Halomitra pileus showed the highest level of mortality and, once overturned, appeared unable to right themselves (making them more susceptible to substrate scour and inhibited feeding). The apparent inability to right themselves is likely due to their large, heavy, concave form, and low initial centre of gravity, which makes returning to an upright position physically far harder (Hoeksema and Bongaerts 2016). In contrast, no mortality was observed in the Fungia fungites and all overturned individuals had righted themselves by the 2018 survey, again likely due to their relatively small size and weight. There is a large amount of variation in mushroom corals’ tendency to right themselves, according to weight, size, and their environment (Hoeksema 1988; Gittenberger and Hoeksema 2013). However, it is worth noting that smaller, elongate species tend to right themselves more frequently (Gittenberger and Hoeksema 2013), and some, such as young Herpolitha limax, can right themselves within a few hours (Hoeksema and Bongaerts 2016). Some overturning and recovery events are therefore very likely to have been missed between survey snapshots in this 1-year frequency study. Similarly, as movement could have been positive and negative in any direction over the year, all total distances recorded, can be considered annual minimums for that individual.

Photogrammetry and 3D digital mapping is rapidly emerging as a very wide-ranging tool for assisting ecological research and management (Bayley and Mogg 2019; Calders et al. 2019; D’Urban Jackson et al. 2020). The ability to quantitatively assess various processes and precisely monitor change on reefs, will allow researchers to scale up analyses and improve the accuracy of current assessments and future projections. Here, we demonstrate how an area 100 times the size of a traditional quadrat can be analysed to the same level of detail (or 2000 times the size if the entire reconstruction was used). Once permanent markers have been placed in situ (or underwater GPS points recorded), the technique is entirely non-interactive with the substrate, thereby minimising damage and any potential interference. While photomosaics are only one of the outputs possible from SfM photogrammetry (Bayley and Mogg 2020), they are a powerful analytical tool for ecological studies.
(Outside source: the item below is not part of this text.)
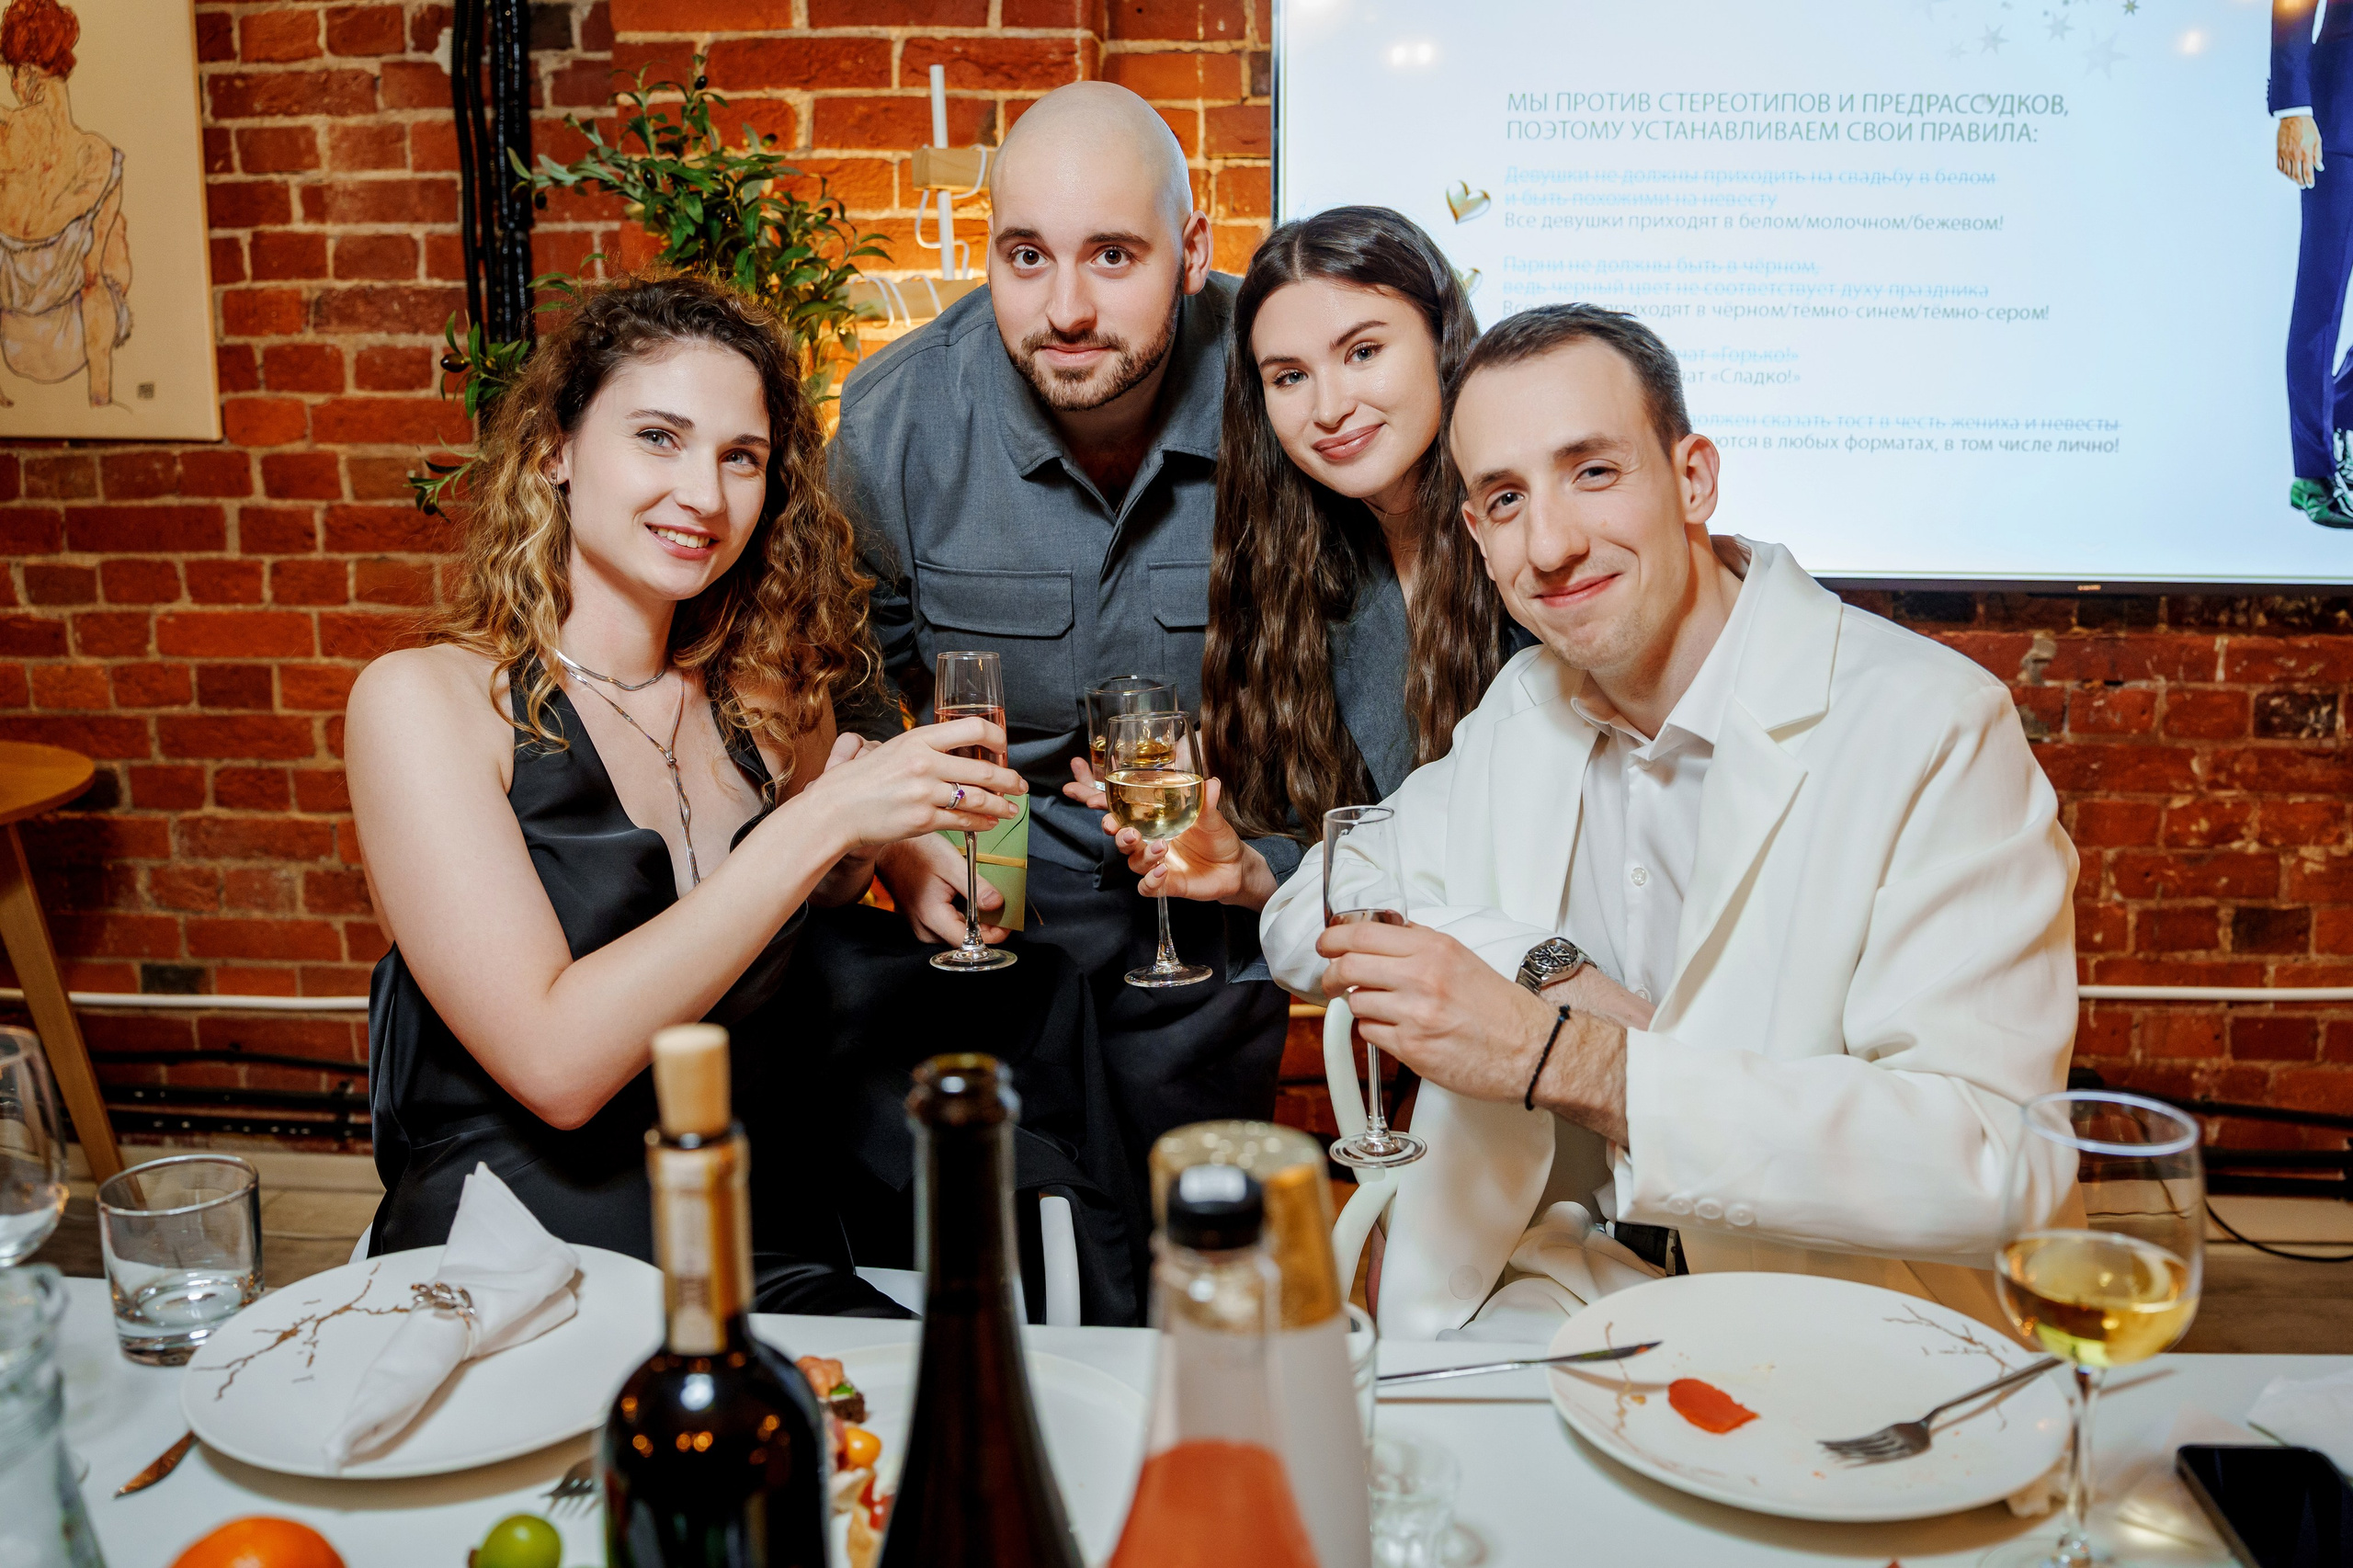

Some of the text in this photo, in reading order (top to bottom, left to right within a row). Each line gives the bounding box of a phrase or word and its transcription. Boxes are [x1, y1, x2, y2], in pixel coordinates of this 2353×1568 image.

These mosaics allow a large-scale, spatially explicit record of the reef to be archived in high detail and for the area to be repeatedly surveyed at the frequency of choice. This allows both spatial (e.g. Edwards et al. 2017; Pedersen et al. 2019) and temporal (e.g. Cresswell et al. 2020) ecological patterns to be explored quantitatively and rapidly.

There are of course limitations to the application of this technique and to the tracking of individuals (Bayley and Mogg 2020). For the technique to be effective, accurate high-quality model creation and alignment over time is essential, allowing millimetre-scale accuracy in line with the level of movement of some species. If this accuracy is achieved during collection and processing, the technique becomes very powerful, allowing deeper quantitative analysis of multiple individuals’ life-history metrics, and data on their environment to be recorded. Furthermore, this technique could also potentially be applied to other important benthic organisms or processes on the reef that incorporate passive or slow active movement. For instance, tracking holothurian activity, estimating benthic scour through rubble movement, or quantifying the balance between rubble gain and loss (Wolfe et al. 2021). In this case, tracking the movement of indistinct objects such as rubble could be facilitated by marking individual pieces to improve visibility and recognition.

As this technology progresses, automation of identification and mapping through machine learning is set to become more common, allowing faster or eventually fully automated classification and analysis (Hopkinson et al. 2020; Pavoni et al. 2021; Yuval et al. 2021). For now, the technique outlined allows a previously rarely quantified aspect of coral life-history to be investigated quantitatively over a large scale. This approach allows for a deeper understanding of the spatiotemporal processes and dynamics of such systems, and the slow-moving species inhabiting them.